* **Prompt**
Print the line containing "Some of the text" and all lines after it, unchanged, through the end of the data. Leave the pictures out.
+++ Record excerpts +++
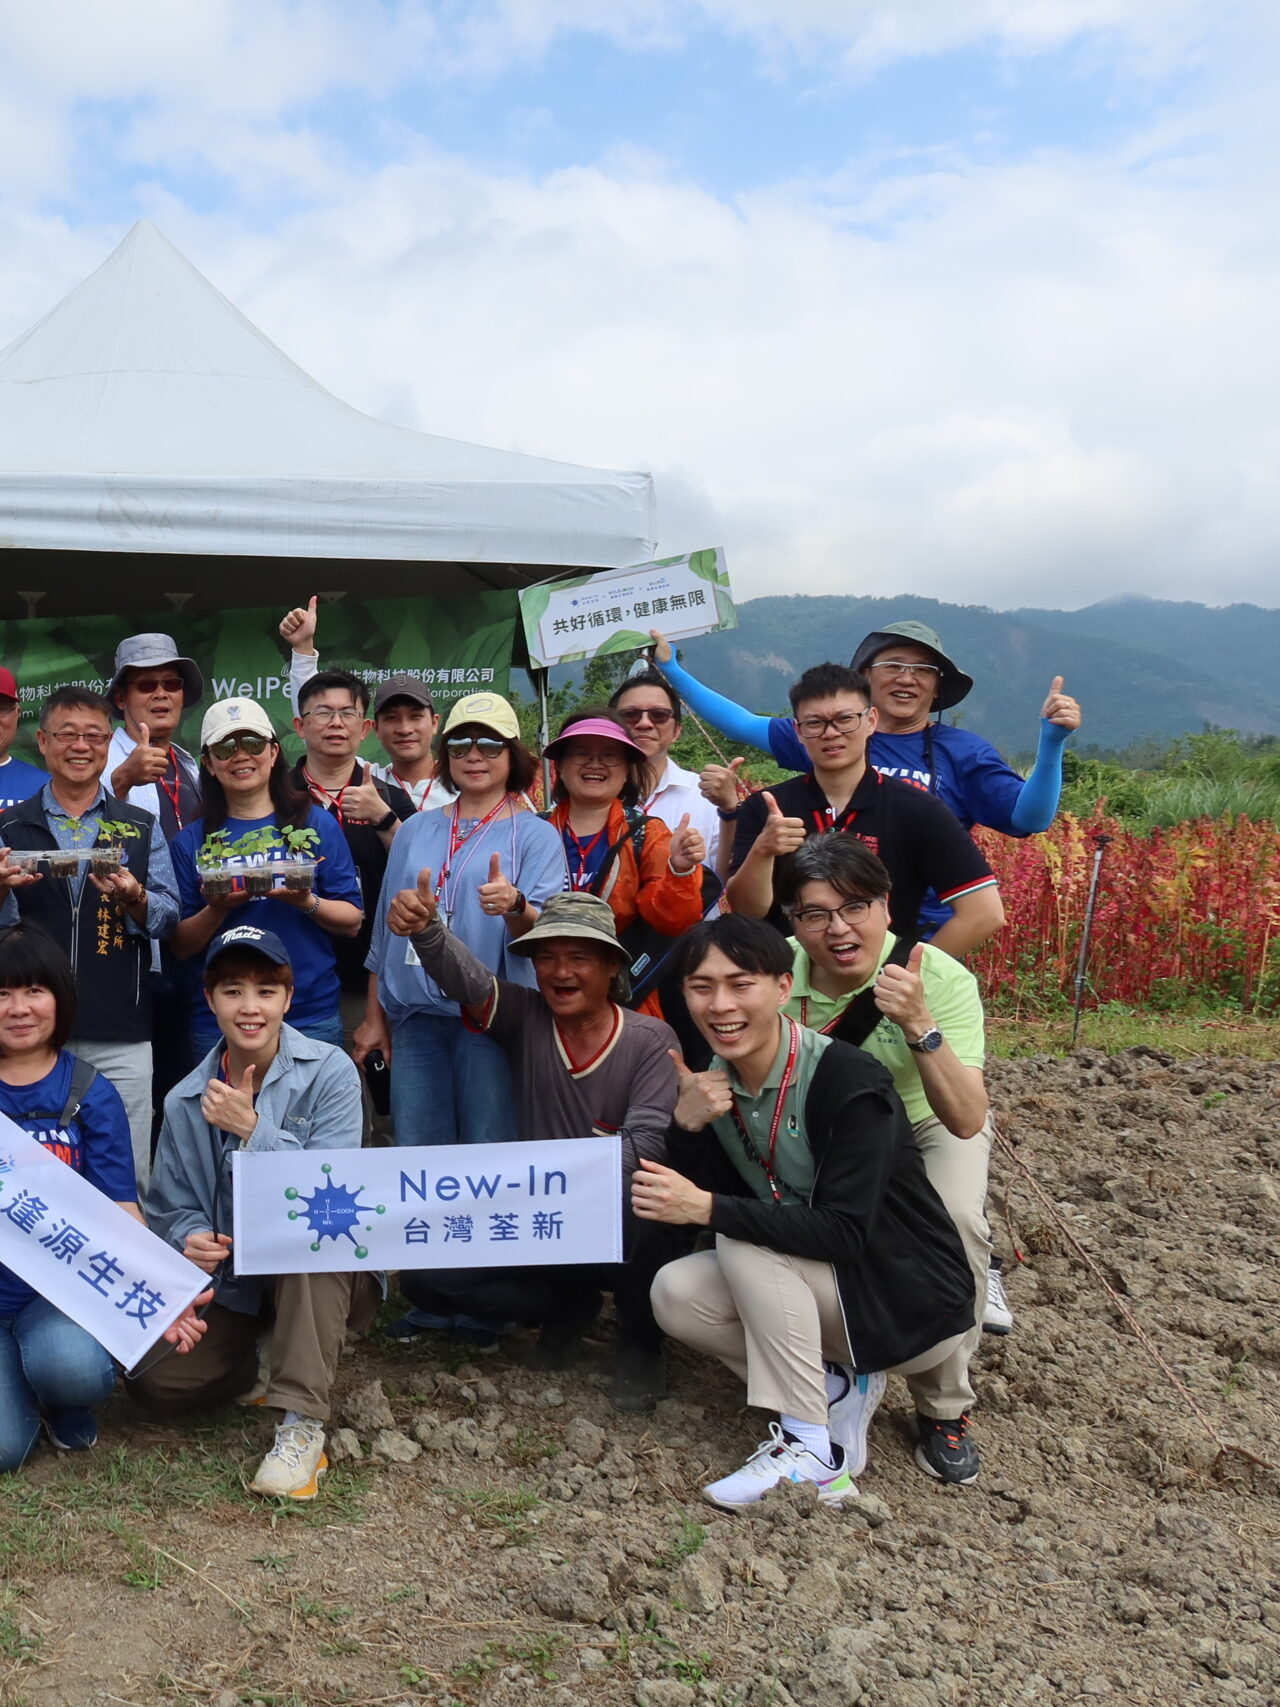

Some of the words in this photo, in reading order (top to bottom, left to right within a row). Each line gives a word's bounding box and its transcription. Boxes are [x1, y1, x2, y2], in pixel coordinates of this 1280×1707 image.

[211, 677, 292, 700] WelPe
[427, 687, 493, 699] orporation
[223, 931, 262, 945] Made
[399, 1165, 567, 1202] New-In
[0, 1189, 167, 1330] 逢源生技
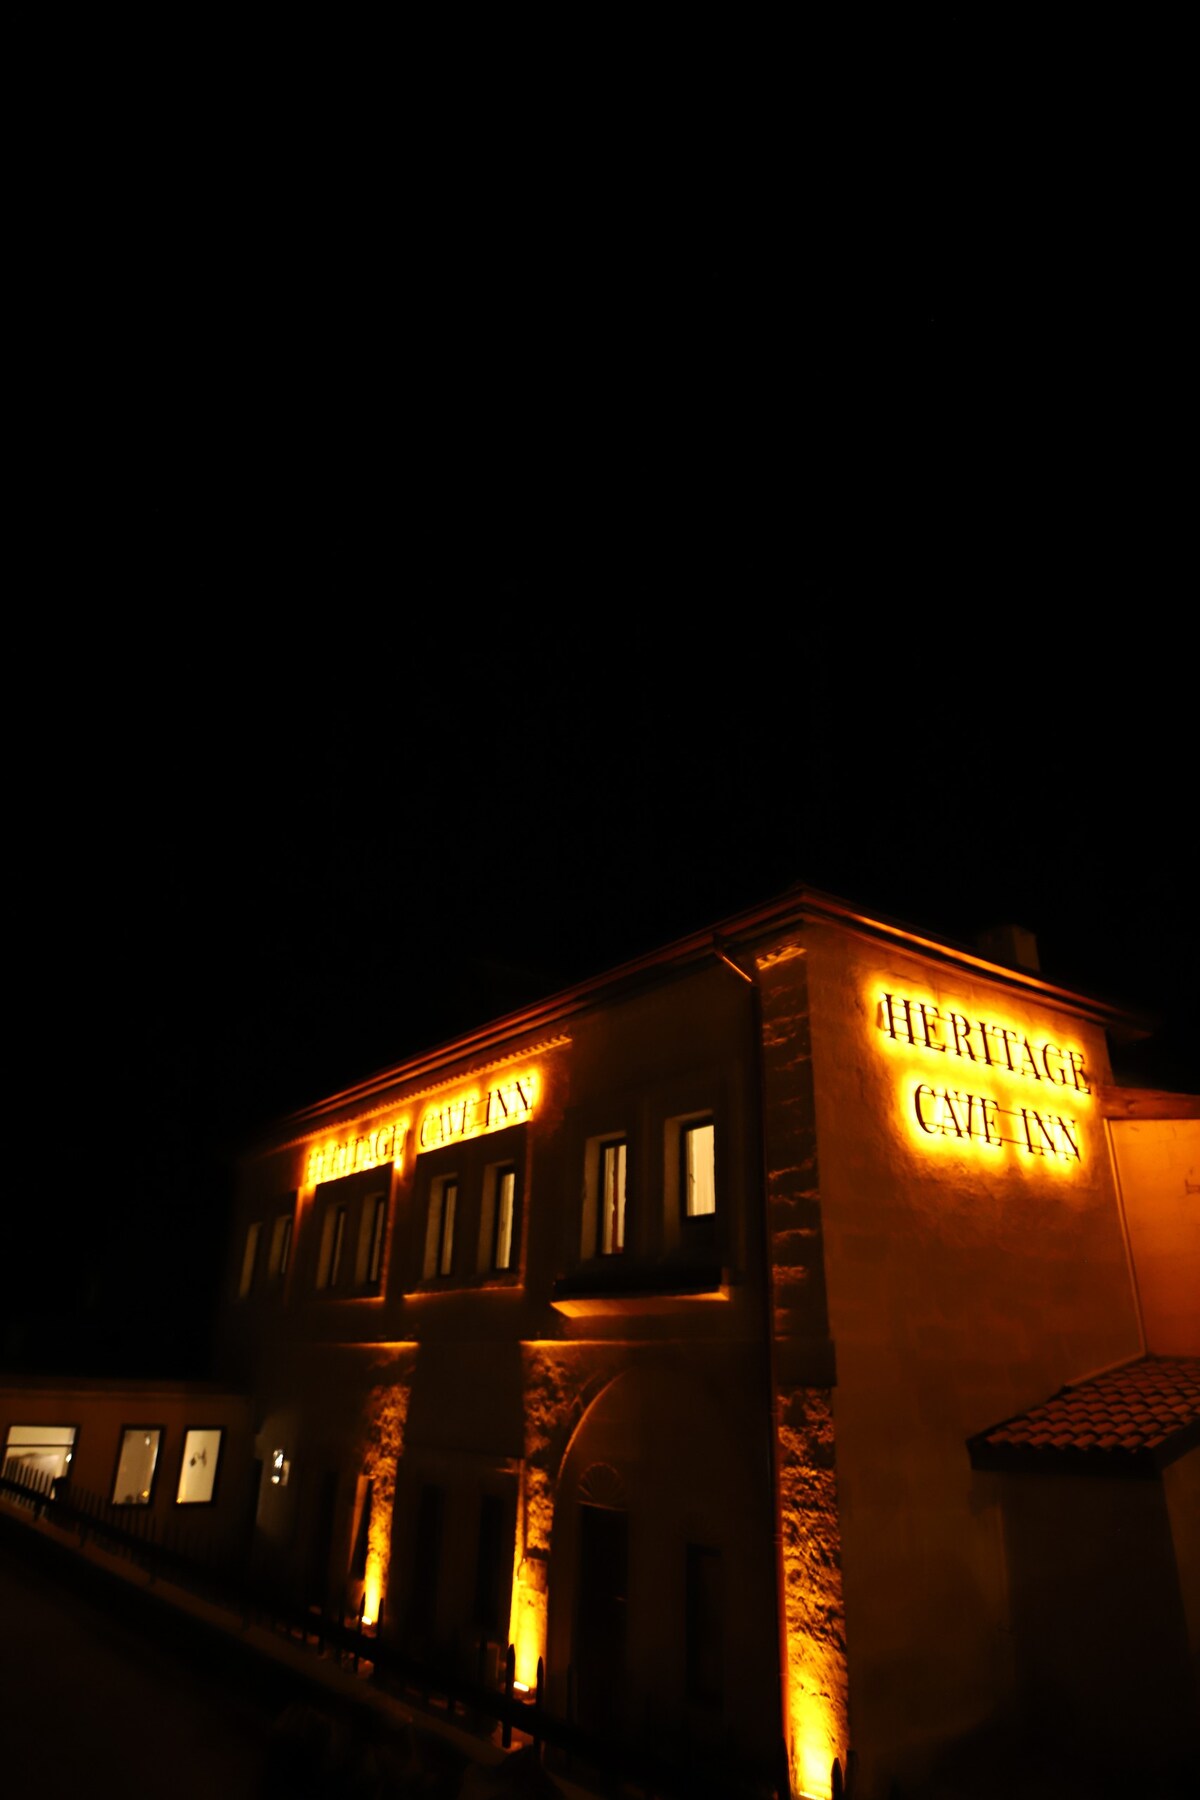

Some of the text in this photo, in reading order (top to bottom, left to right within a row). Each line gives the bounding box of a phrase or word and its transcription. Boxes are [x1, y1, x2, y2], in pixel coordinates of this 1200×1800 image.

[881, 993, 1091, 1094] HERITAGE
[485, 1077, 533, 1127] INN
[914, 1083, 1081, 1162] CAVE INN
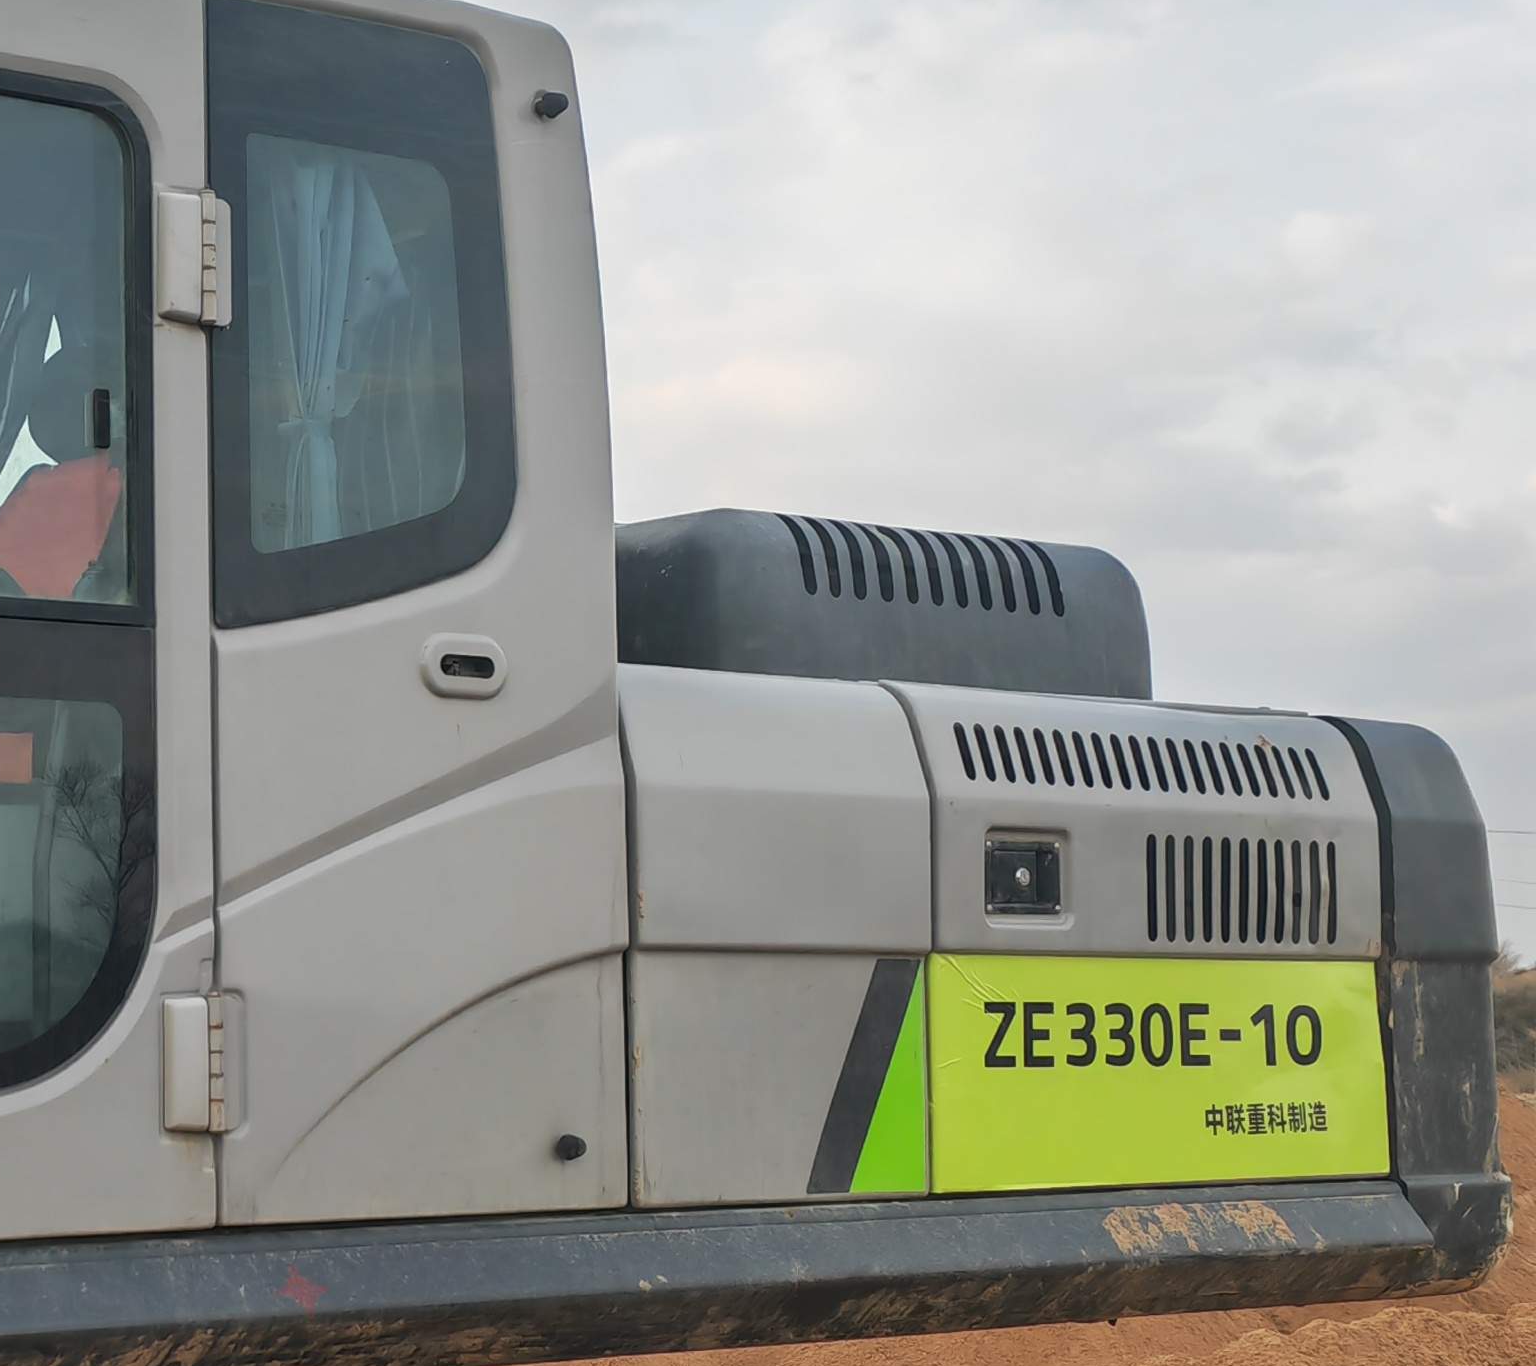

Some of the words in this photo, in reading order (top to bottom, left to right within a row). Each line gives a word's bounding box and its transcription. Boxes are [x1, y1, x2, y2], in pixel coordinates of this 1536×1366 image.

[983, 1001, 1323, 1068] ZE330E-10
[1204, 1101, 1329, 1136] 中联重科制造
+++
* **Response to this exercise**
Some of the text in this photo, in reading order (top to bottom, left to right within a row). Each line gives the bounding box of a phrase or word and its transcription. Boxes are [x1, y1, x2, y2], in pixel coordinates of this 1200×1800 image.

[881, 993, 1091, 1094] HERITAGE
[485, 1077, 533, 1127] INN
[914, 1083, 1081, 1162] CAVE INN

Some of the words in this photo, in reading order (top to bottom, left to right within a row). Each line gives a word's bounding box and its transcription. Boxes are [x1, y1, x2, y2], in pixel coordinates of this 1536×1366 image.

[983, 1001, 1323, 1068] ZE330E-10
[1204, 1101, 1329, 1136] 中联重科制造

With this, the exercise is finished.